Every entry must be set down exactly in the answer; no pictures should appear.

▬▬▬

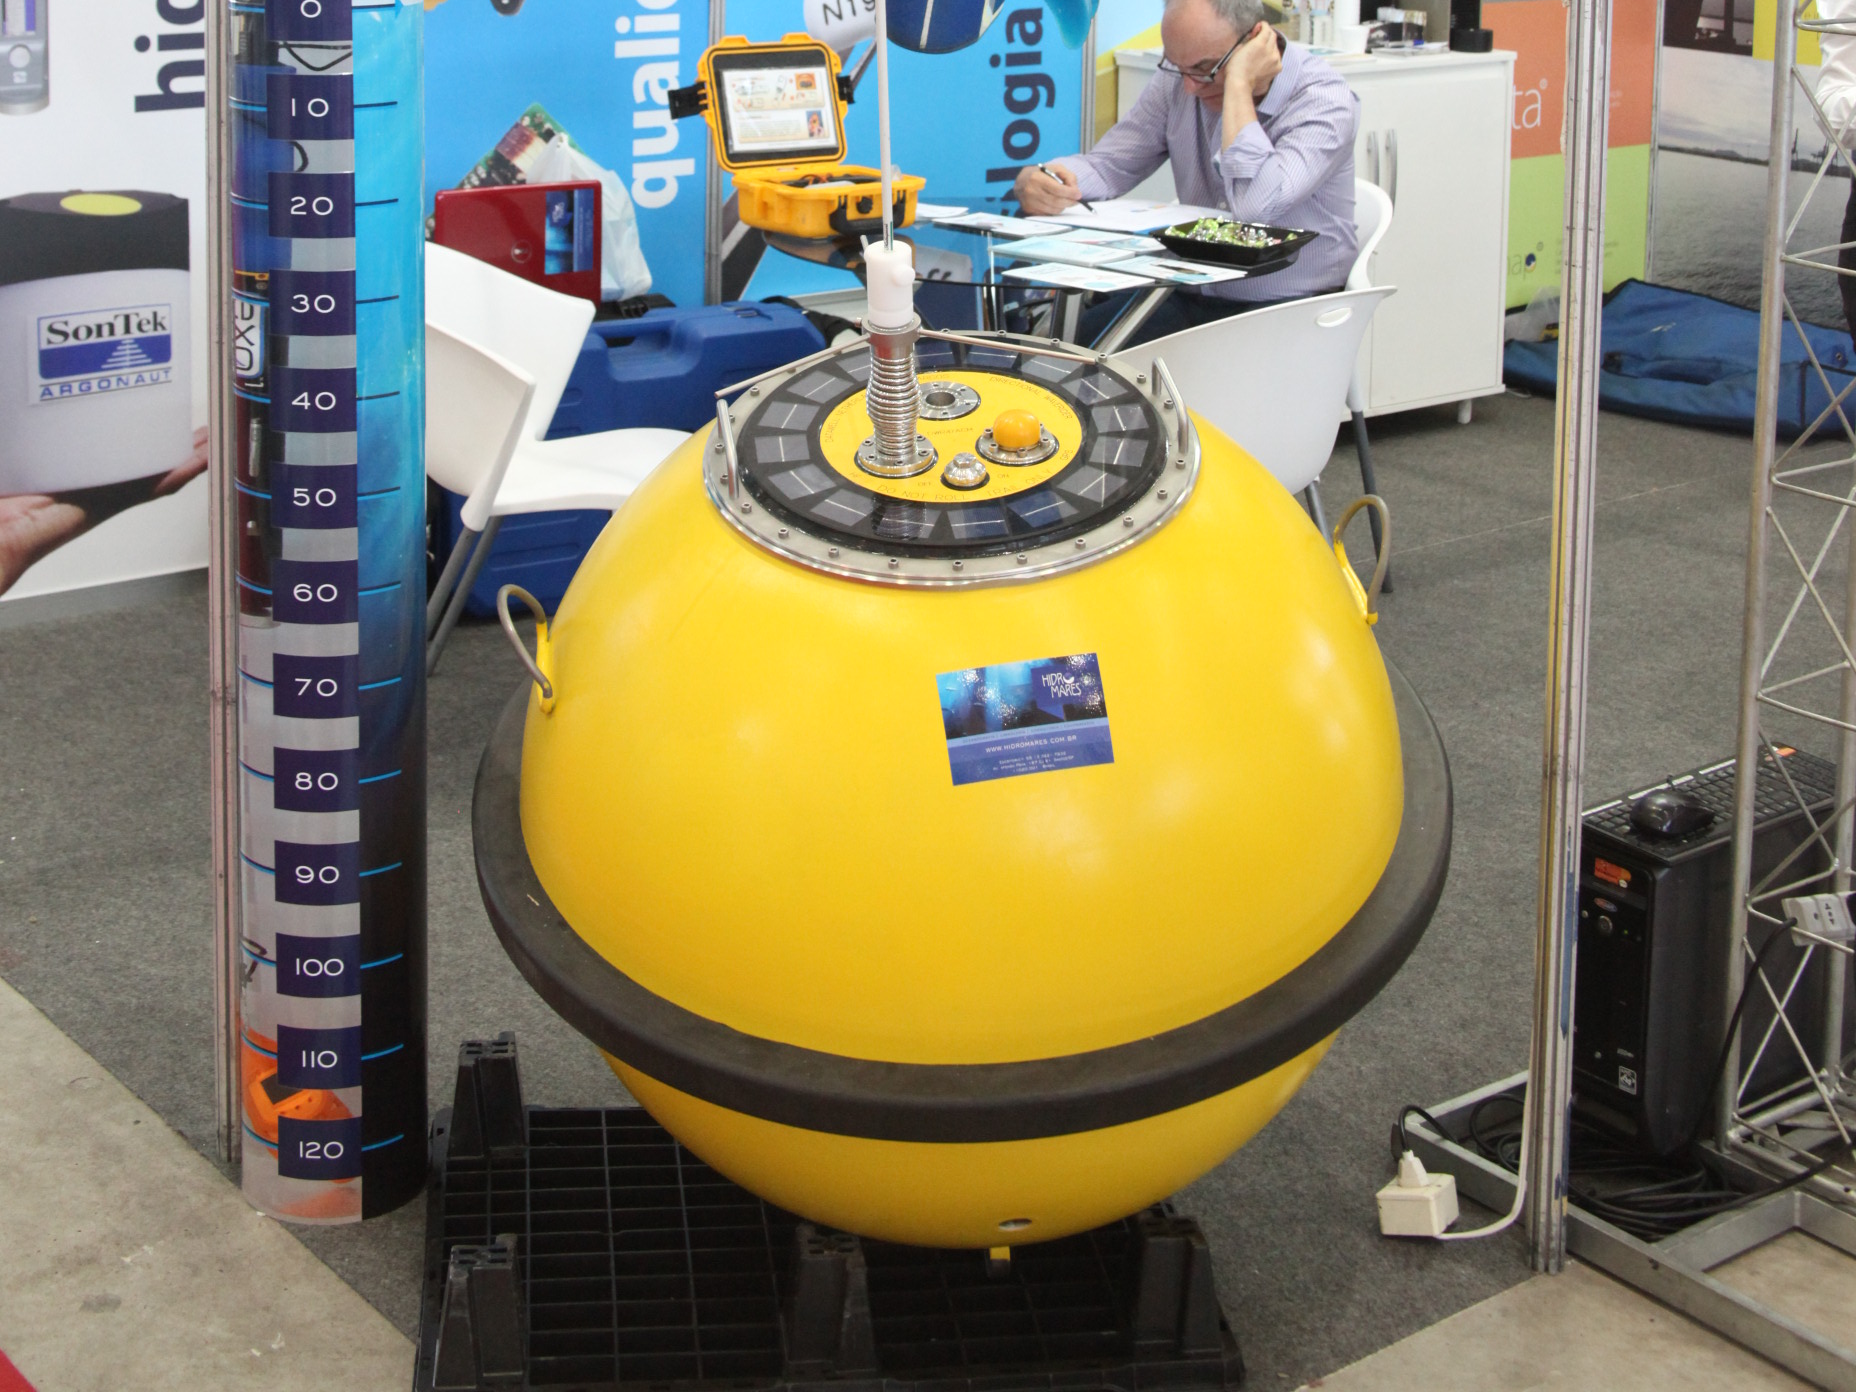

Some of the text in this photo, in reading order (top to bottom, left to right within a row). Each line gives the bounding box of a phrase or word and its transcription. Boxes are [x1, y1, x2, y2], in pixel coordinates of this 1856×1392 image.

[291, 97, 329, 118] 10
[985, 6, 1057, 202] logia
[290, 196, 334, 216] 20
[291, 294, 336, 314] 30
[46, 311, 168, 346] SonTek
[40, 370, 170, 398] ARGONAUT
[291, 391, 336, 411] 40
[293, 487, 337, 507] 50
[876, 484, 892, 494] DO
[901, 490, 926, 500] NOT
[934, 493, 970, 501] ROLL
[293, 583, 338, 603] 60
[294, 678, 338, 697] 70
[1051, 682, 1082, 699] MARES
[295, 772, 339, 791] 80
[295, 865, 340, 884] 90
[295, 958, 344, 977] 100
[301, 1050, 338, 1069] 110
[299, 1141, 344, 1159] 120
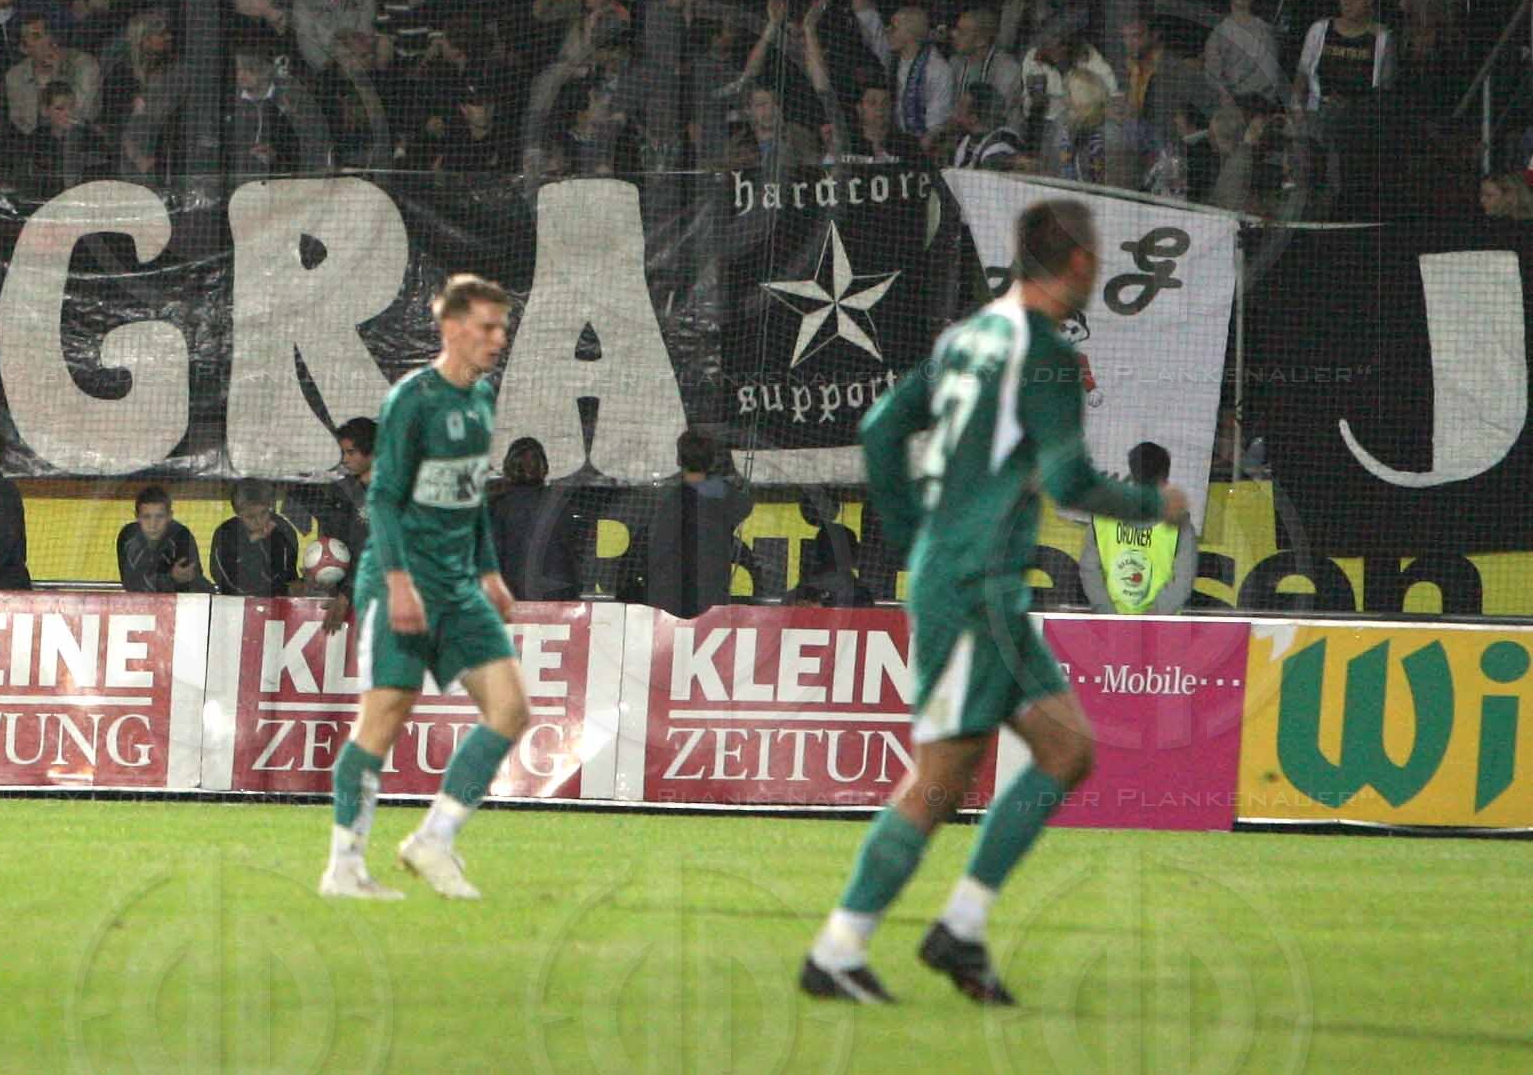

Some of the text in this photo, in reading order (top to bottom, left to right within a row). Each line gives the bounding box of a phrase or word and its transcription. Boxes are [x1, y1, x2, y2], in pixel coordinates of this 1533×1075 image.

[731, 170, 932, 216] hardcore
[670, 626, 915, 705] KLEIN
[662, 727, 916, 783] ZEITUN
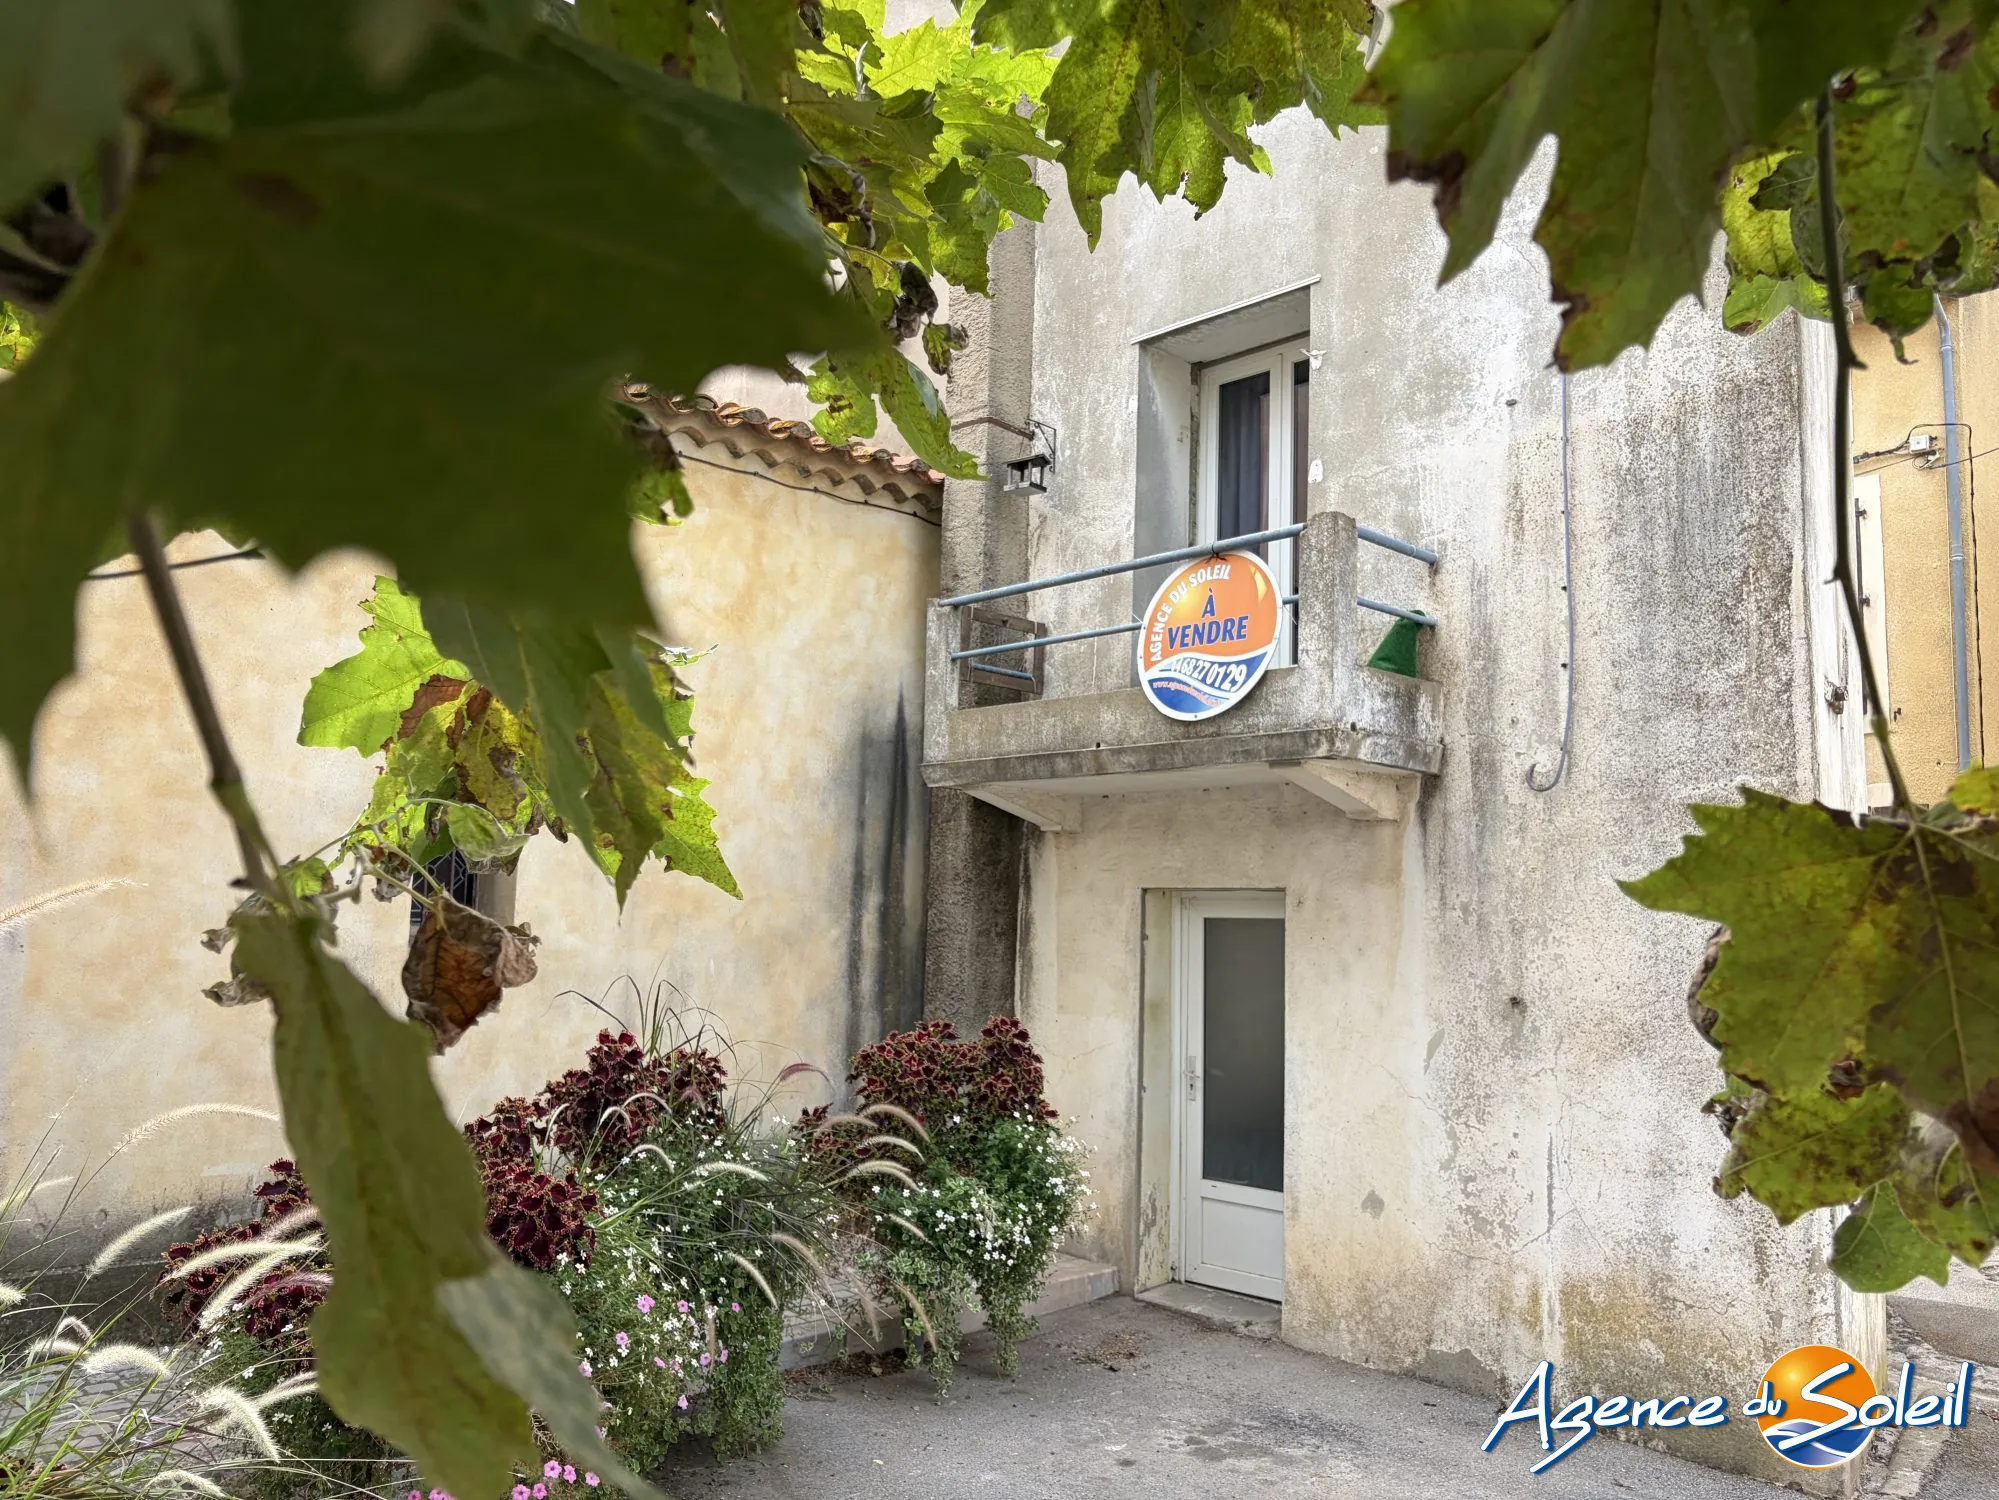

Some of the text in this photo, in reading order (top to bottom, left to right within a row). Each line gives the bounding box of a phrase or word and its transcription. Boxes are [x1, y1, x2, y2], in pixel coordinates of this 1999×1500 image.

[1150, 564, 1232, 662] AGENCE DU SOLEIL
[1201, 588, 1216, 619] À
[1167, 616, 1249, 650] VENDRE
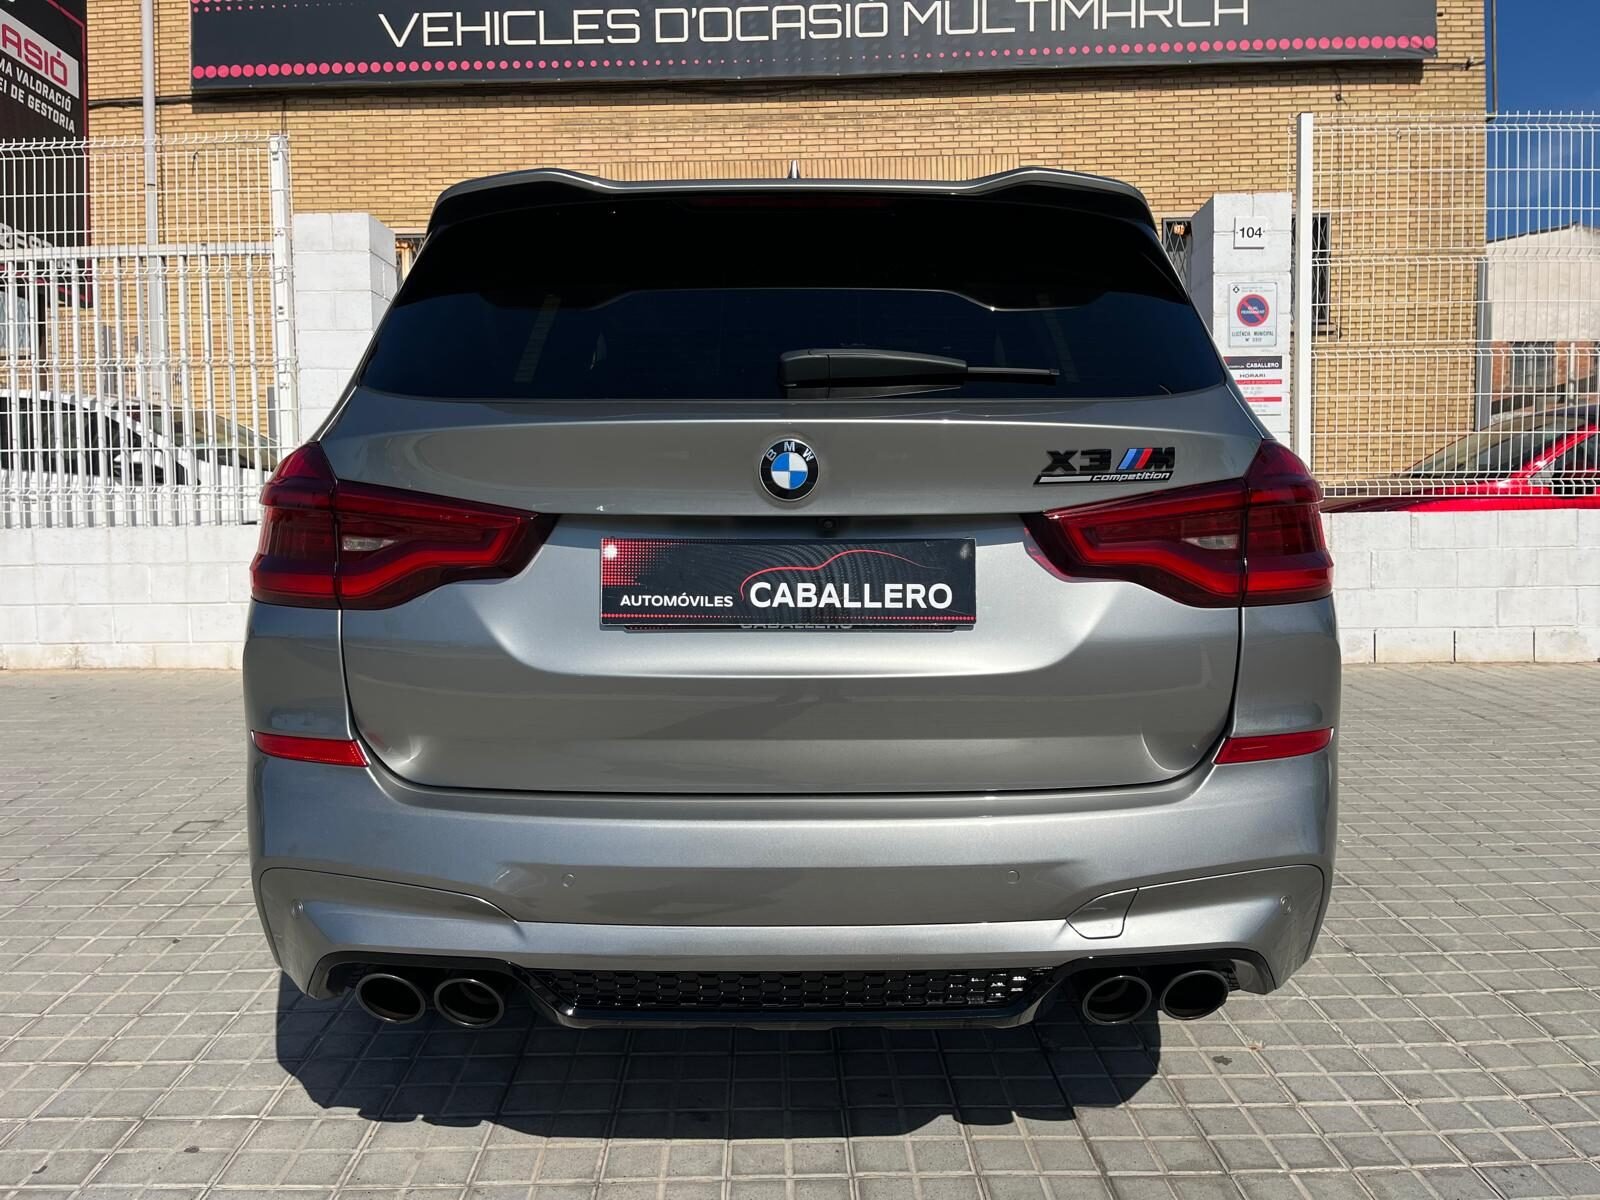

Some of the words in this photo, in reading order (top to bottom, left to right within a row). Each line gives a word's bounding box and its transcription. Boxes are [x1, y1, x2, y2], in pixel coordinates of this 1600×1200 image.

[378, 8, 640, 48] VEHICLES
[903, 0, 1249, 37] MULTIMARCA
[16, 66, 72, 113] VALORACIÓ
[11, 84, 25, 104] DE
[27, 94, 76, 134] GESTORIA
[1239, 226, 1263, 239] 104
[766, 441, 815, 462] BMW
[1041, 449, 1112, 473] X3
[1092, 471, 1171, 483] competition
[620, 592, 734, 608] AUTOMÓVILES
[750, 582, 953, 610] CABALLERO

▬▬▬

SOLUTION TO THIS TASK:
Some of the text in this photo, in reading order (top to bottom, left to right within a row). Each line gives the bounding box of a phrase or word and its transcription. Boxes are [x1, y1, x2, y2], in pixel coordinates of this 1856×1392 image.

[291, 97, 329, 118] 10
[985, 6, 1057, 202] logia
[290, 196, 334, 216] 20
[291, 294, 336, 314] 30
[46, 311, 168, 346] SonTek
[40, 370, 170, 398] ARGONAUT
[291, 391, 336, 411] 40
[293, 487, 337, 507] 50
[876, 484, 892, 494] DO
[901, 490, 926, 500] NOT
[934, 493, 970, 501] ROLL
[293, 583, 338, 603] 60
[294, 678, 338, 697] 70
[1051, 682, 1082, 699] MARES
[295, 772, 339, 791] 80
[295, 865, 340, 884] 90
[295, 958, 344, 977] 100
[301, 1050, 338, 1069] 110
[299, 1141, 344, 1159] 120

Some of the text in this photo, in reading order (top to bottom, left to right within a row). Each line gives the bounding box of a phrase or word and its transcription. Boxes are [x1, y1, x2, y2], in pixel coordinates of this 1533×1075 image.

[731, 170, 932, 216] hardcore
[670, 626, 915, 705] KLEIN
[662, 727, 916, 783] ZEITUN

Some of the text in this photo, in reading order (top to bottom, left to right within a row). Each line gives the bounding box of a phrase or word and its transcription. Boxes are [x1, y1, x2, y2], in pixel coordinates of this 1999×1500 image.

[1150, 564, 1232, 662] AGENCE DU SOLEIL
[1201, 588, 1216, 619] À
[1167, 616, 1249, 650] VENDRE

Some of the words in this photo, in reading order (top to bottom, left to right within a row). Each line gives a word's bounding box and its transcription. Boxes are [x1, y1, x2, y2], in pixel coordinates of this 1600×1200 image.

[378, 8, 640, 48] VEHICLES
[903, 0, 1249, 37] MULTIMARCA
[16, 66, 72, 113] VALORACIÓ
[11, 84, 25, 104] DE
[27, 94, 76, 134] GESTORIA
[1239, 226, 1263, 239] 104
[766, 441, 815, 462] BMW
[1041, 449, 1112, 473] X3
[1092, 471, 1171, 483] competition
[620, 592, 734, 608] AUTOMÓVILES
[750, 582, 953, 610] CABALLERO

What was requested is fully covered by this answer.